Gibney points out that law firms are constrained from innovating or becoming markedly more efficient, in part because of legal ethics rules that bar non-lawyers from owning or drawing profits from law firms. The rules mean law firms can’t tap outside funding sources such as private equity that spur innovation in other industries. “The conventional law firm model is a financially unstable, resource-destroying mess” that “reduces the average corporate associate to a document butler.”
He’s less successful when examining Washington’s dysfunctional lawmaking process. He approaches the topic from the perspective of someone who has spent much of his career in Silicon Valley, where rationality or efficiency govern, at least until it’s time to value an IPO, and then anything seems possible.

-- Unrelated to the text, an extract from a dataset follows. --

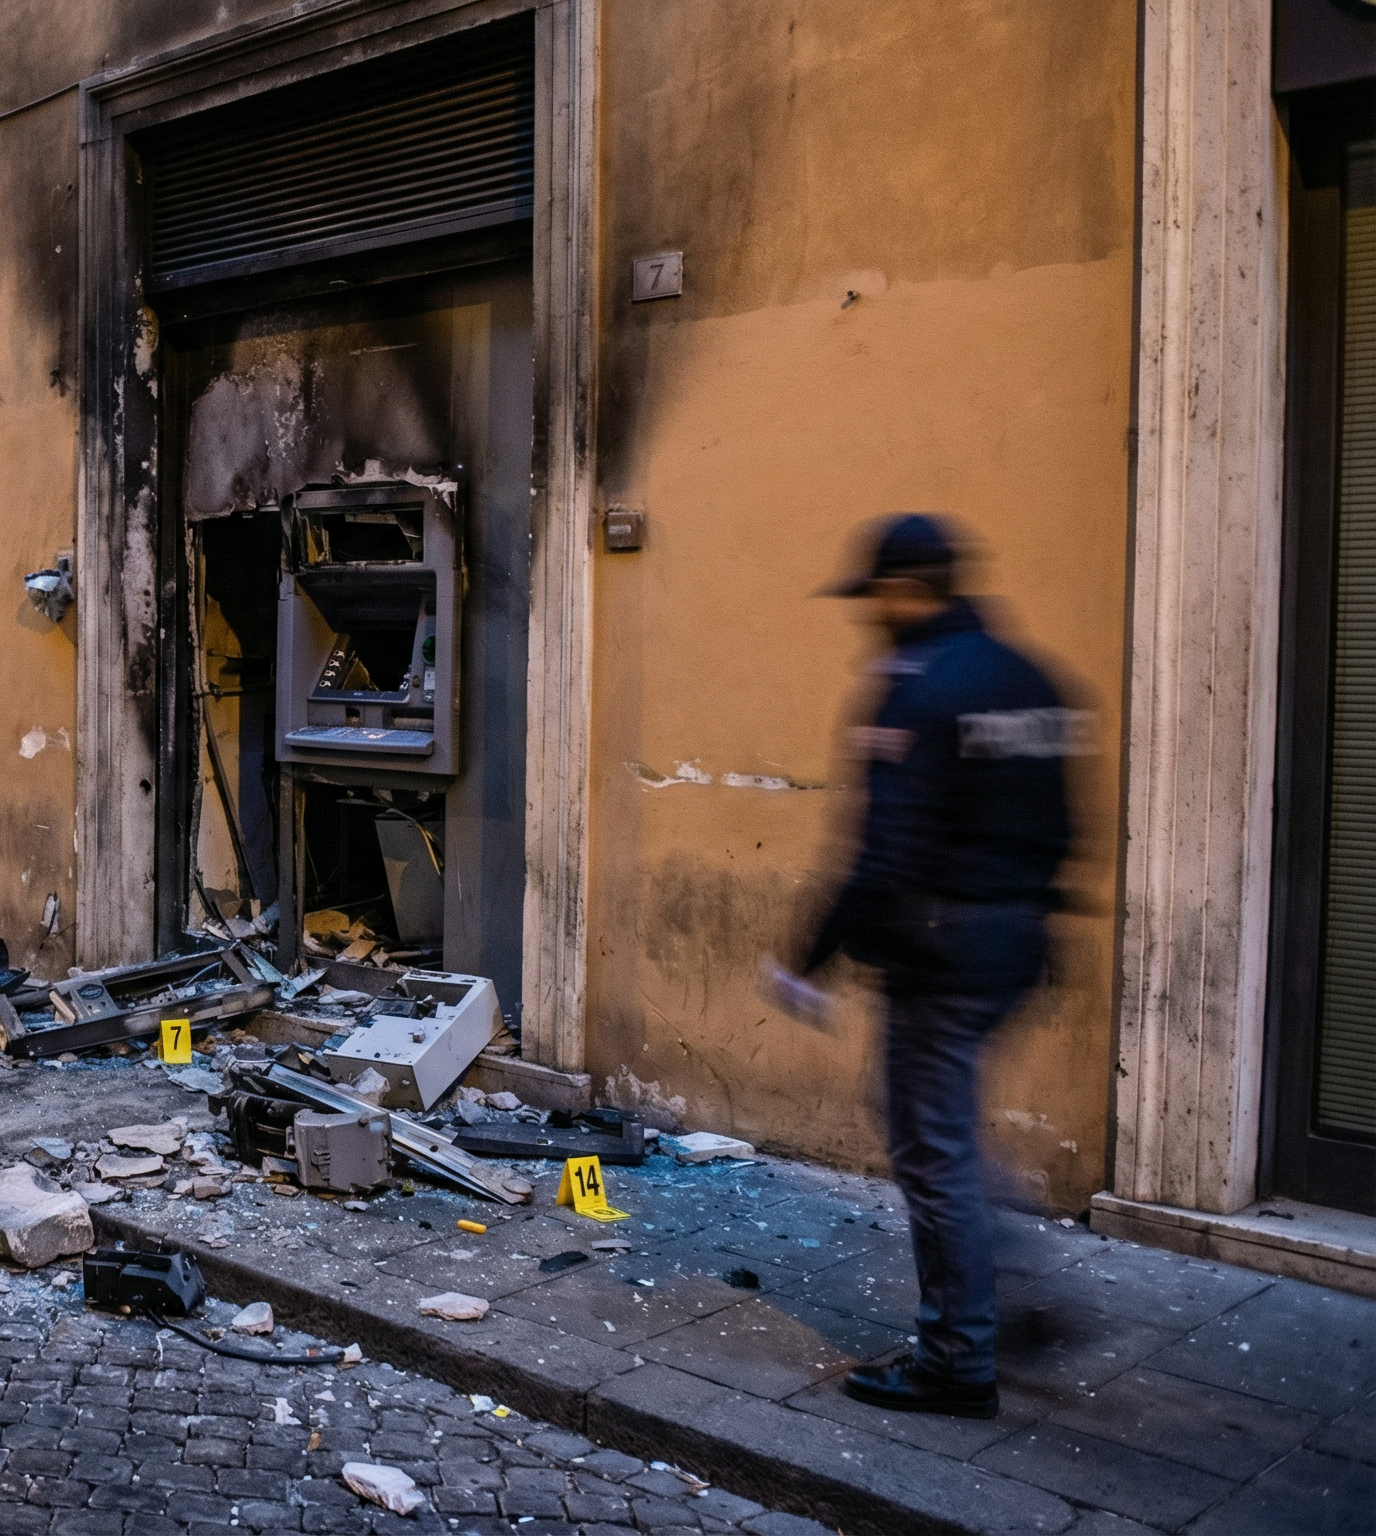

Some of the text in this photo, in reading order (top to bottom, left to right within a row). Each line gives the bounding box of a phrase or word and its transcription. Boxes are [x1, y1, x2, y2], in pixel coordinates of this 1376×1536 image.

[650, 263, 665, 291] 7
[170, 1026, 182, 1050] 7
[575, 1165, 600, 1197] 14
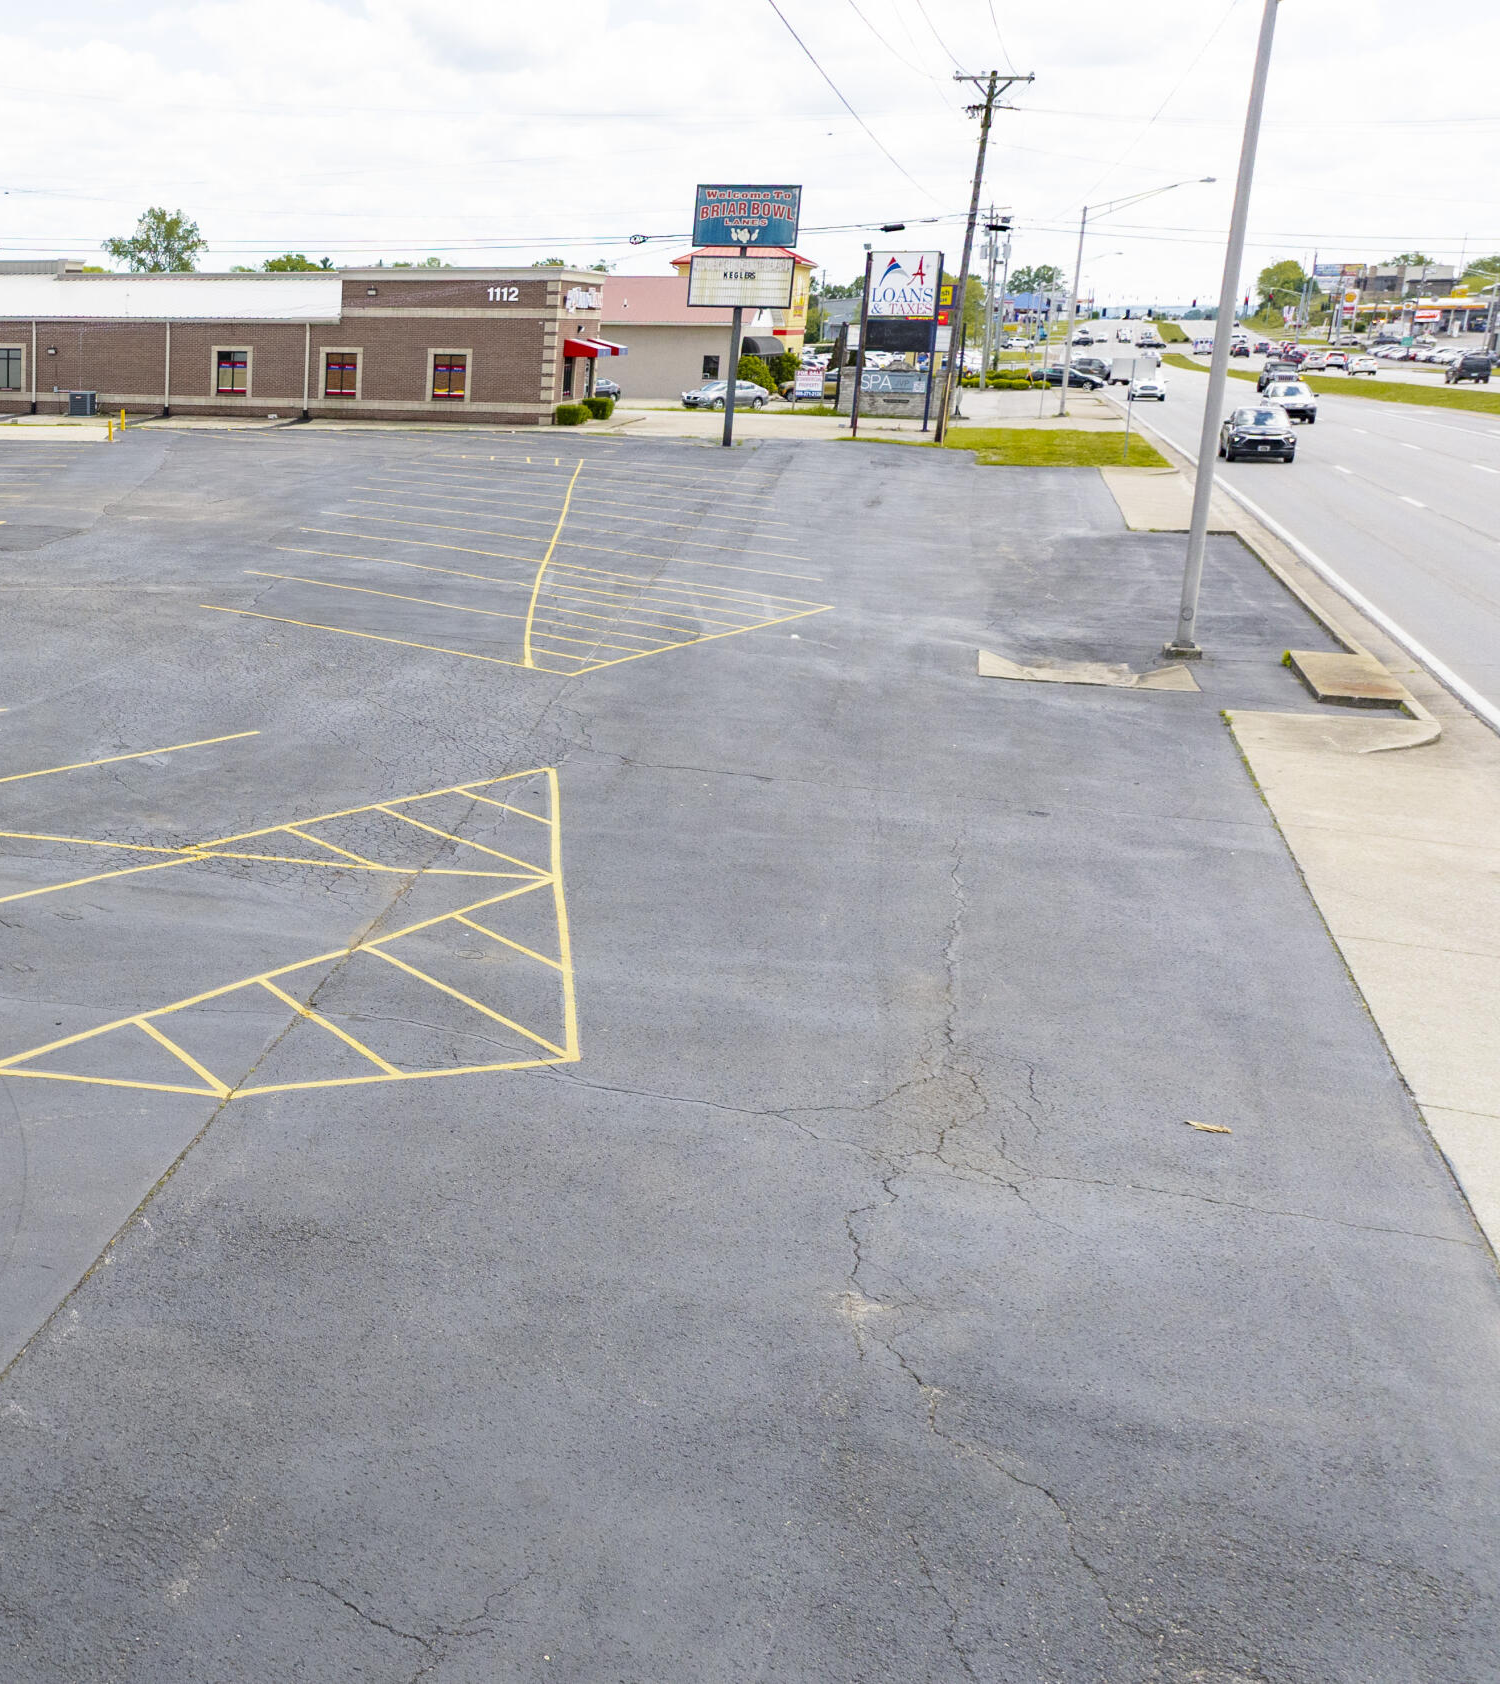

His proposed structural solutions — like increasing the size of the House of Representatives so members aren’t spread so thin — are perfectly sensible. Lawmakers in an expanded House would have more time to draft bills or read more of them, at least in theory, Gibney writes. Such structural changes aren’t terribly realistic in an era of hyper-partisanship.
Nor are his proposals for fixing the legal system by making it “more accessible, and more accountable, to those it serves” any more satisfying. Gibney suggests jurors should exercise what he calls the “the right of ‘jury nullification’ ” and acquit defendants whom they think the criminal justice system has treated unjustly.
The idea of encouraging nullification should leave most people uneasy. As Gibney himself notes, history provides too many examples of nullification being used as a tool of injustice rather than good, as witnessed by Southern jurors who refused to convict whites accused of committing crimes against African Americans. He argues that “overcriminalization and overweening state power make nullification more likely to achieve justice” today, a rationale that’s hardly persuasive.
Gibney also proposes creating informal citizen review boards, which would be empowered to review proposed laws and judge their comprehensibility. Nannies and parents should understand laws regulating the hiring of nannies, and citizens as well as police officers should be able to fathom laws governing searches and seizures, he argues sensibly. It’s just hard to imagine legislators and lobbyists ceding power to citizen ombudsmen anytime soon.
Non-lawyers and many attorneys, too, will certainly have a better sense of what ails our justice system after reading this book, even if they’re no closer to fixing it.